Cash incentives are apparently not enough to make mothers-to-be to use government maternal healthcare facilities. Scientists have found that less than 50% of eligible women actually take advantage of the Janani Suraksha Yojana(JSY). The reason?- poor infrastructure in the hospitals.

A global team of researchers has found that the money provided under the scheme is less than the total costs of facility-based childbirth: both in terms of monetary and real costs.

Rather than monetary benefits, what drives the use of maternal healthcare facilities is work done by grass-root level community health workers. They are collectively called ASHAs (Accredited Social Health Activists).

Promoting institutional delivery not working well

Janani Suraksha Yojana(JSY) is a safe motherhood intervention under the National Rural Health Mission(NRHM). By promoting institutional delivery among poor pregnant women, it’s implemented with the aim to bring down maternal and neo-natal mortality.

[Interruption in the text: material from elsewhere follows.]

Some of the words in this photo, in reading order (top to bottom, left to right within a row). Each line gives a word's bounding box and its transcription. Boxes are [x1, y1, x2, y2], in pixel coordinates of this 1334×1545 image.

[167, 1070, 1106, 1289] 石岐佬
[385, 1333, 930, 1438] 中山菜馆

“Even when the government is giving free money and free medical care for pregnant women to use health facility for child birth, many people still do not use health facility for child birth,” says Dr Sukumar Vellakkal, of the Azim Premji University in Bangalore.

“For example, in year 2011-12, in Uttar Pradesh – one of the largest Indian states – only 60 per cent of the pregnant women had used health facility for child birth, and only 39 per cent pregnant women had availed JSY cash incentive,” said Vellakkal, the lead author of the study which was published in the journal, Social Science and Medicine.

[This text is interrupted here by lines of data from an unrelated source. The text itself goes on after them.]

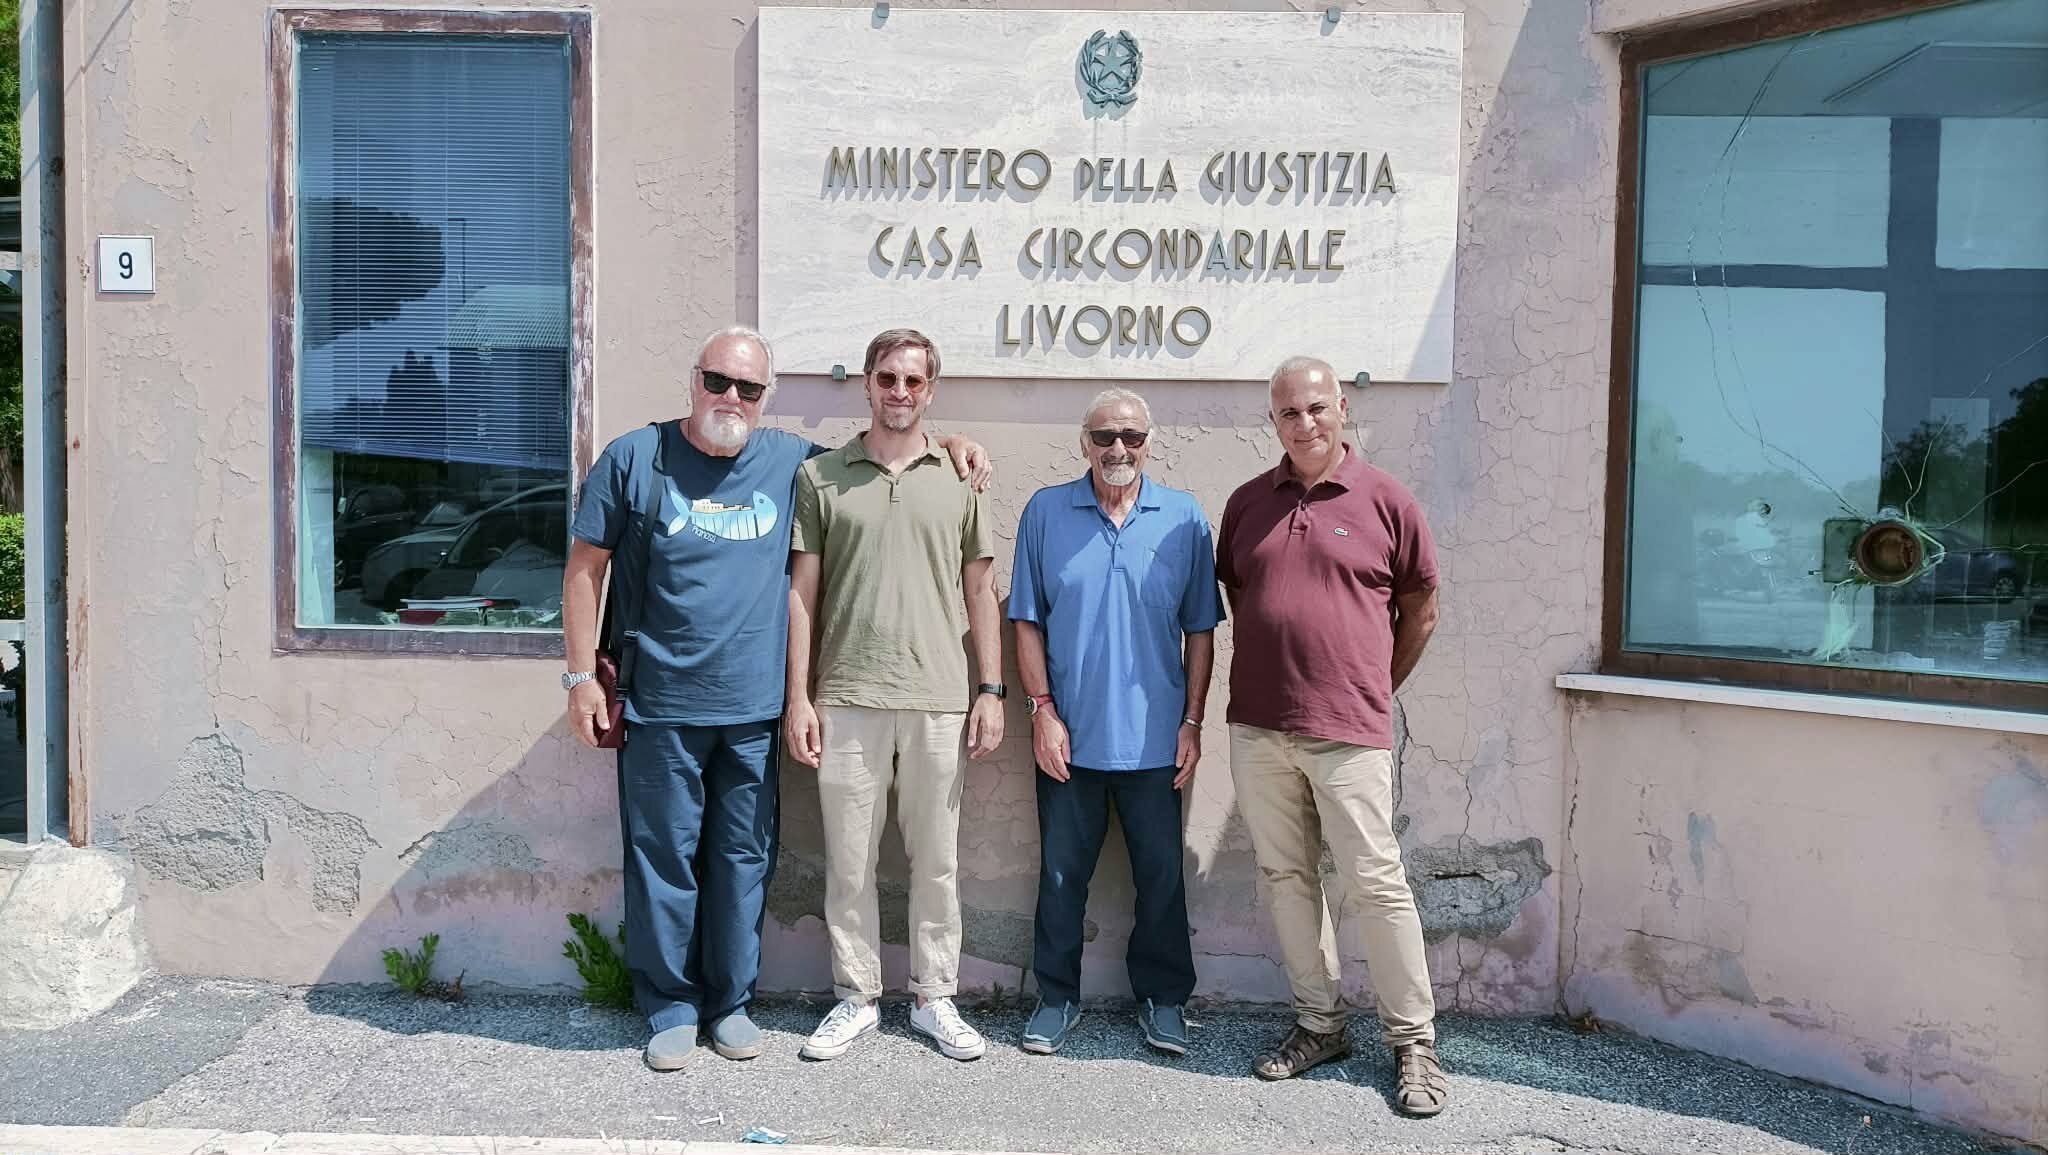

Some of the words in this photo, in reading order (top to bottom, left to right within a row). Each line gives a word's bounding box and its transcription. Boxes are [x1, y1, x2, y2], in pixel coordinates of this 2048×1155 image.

[828, 147, 1051, 190] MINISTERO
[1079, 157, 1178, 192] DELLA
[1206, 151, 1396, 193] GIUSTIZIA
[119, 252, 132, 279] 9
[876, 226, 982, 267] CASA
[1024, 228, 1346, 270] CIRCONDARIALE
[1003, 305, 1211, 345] LIVORNO
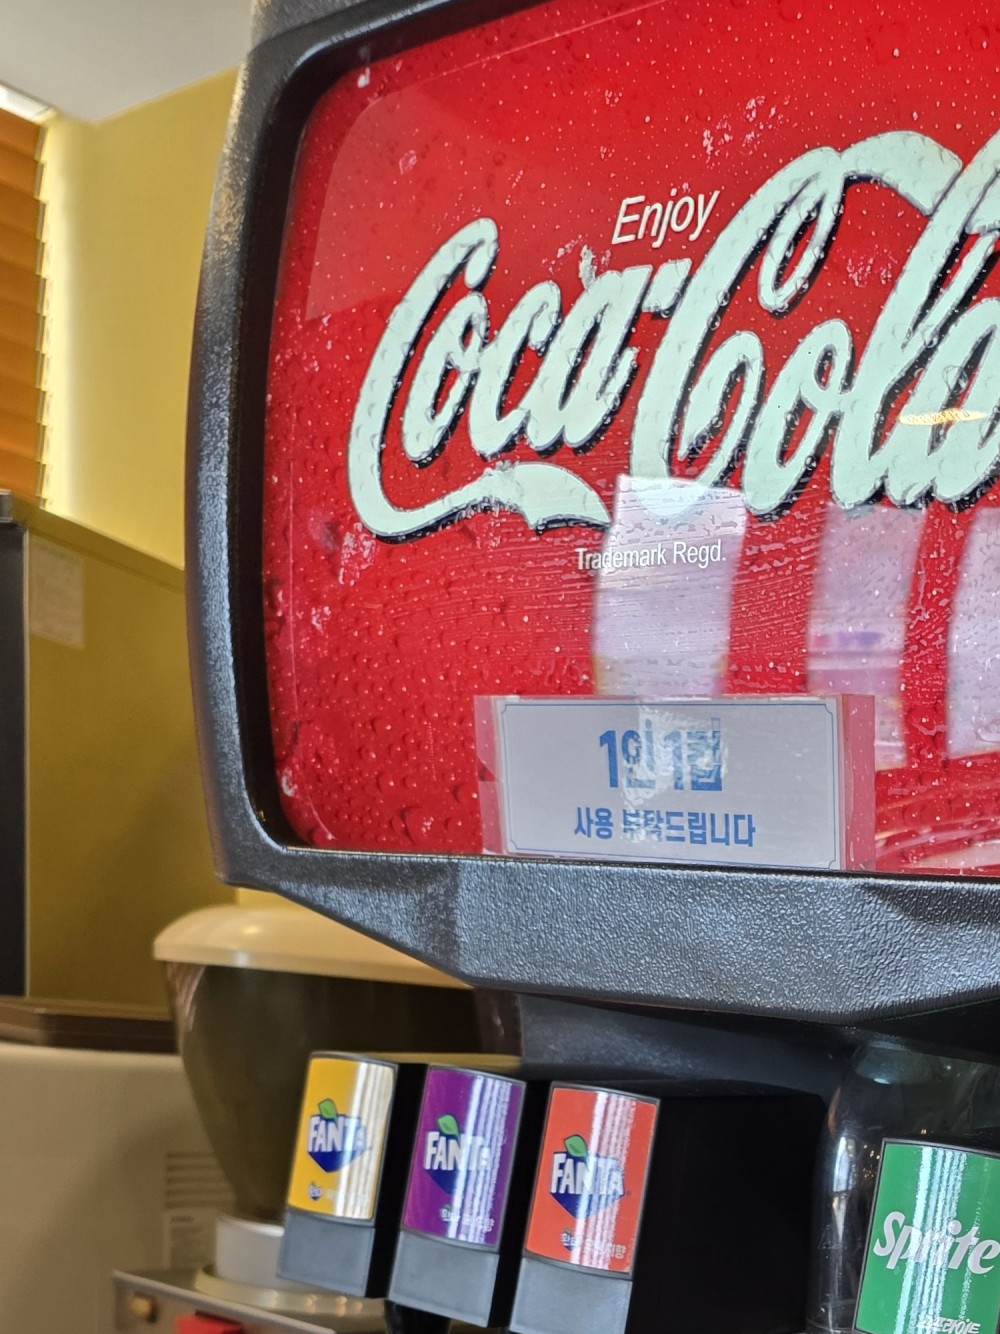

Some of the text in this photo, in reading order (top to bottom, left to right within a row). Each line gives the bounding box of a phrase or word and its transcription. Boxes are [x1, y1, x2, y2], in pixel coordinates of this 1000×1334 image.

[611, 188, 721, 249] Enjoy
[574, 538, 727, 570] Trademark Regd.
[574, 806, 756, 848] 사용 부탁드립니다
[307, 1115, 367, 1153] FANTA
[423, 1131, 493, 1171] FANTA
[550, 1152, 625, 1195] FANTA

New mothers in states like Jharkhand, UP and Bihar which are covered under the JSY scheme underwent in-depth interviews conducted by the researchers. Aside from those in India’s Public Health Foundation in New Delhi, the researchers also included people from the Lancaster University in the UK and the University of Adelaide in Australia.

Multiple real cost components were identified by the researchers- inability to regularly attend the needs of other kids and elderly members of the family, the discomfort of staying at a delivery care facility without family members, interrupting spouses’ employment participation and inability to take care of agriculture and livestock.

“When we stay at hospital for 3-4 days, who will take care of our children and parents, who will take care of our agriculture and animals?” a 26-year-old new mother from Jharkhand, who did not avail the scheme, told the researchers.

“We don’t know how long we need to stay at hospital. Mine is not a government job, and if I don’t go to my daily job, they will find another person to replace me,” said another respondent.

Trusting traditional birth attendants over medical care

Another finding was that the people trusted in the skills of traditional birth attendants over  medical care. They held the notion that childbirth is a natural event which needs no institutional care.

“In addition, though the JSY offer cash incentive, there is some deficiency in the provision of health services in the public hospitals,” said Vellakkal.

“Specifically, most public hospitals are unable to treat birth complications as a barrier, resulting in referrals mostly to private facilities,” he added.

“To improve the uptake of the programme, there is a need of improving the support services of the community health workers focused on marginalised populations, along with better public healthcare facilities,” said Vellakkal.

“Considering the diverse socioeconomic and cultural characteristics of the Indian population that can variously influence the decision of whether or not to use health facility for child birth, we should not give more importance to the market-based approaches such as conditional cash transfers,” he said.

“Equally important is to address critical gaps around quality of care at the public primary healthcare facilities,” he added.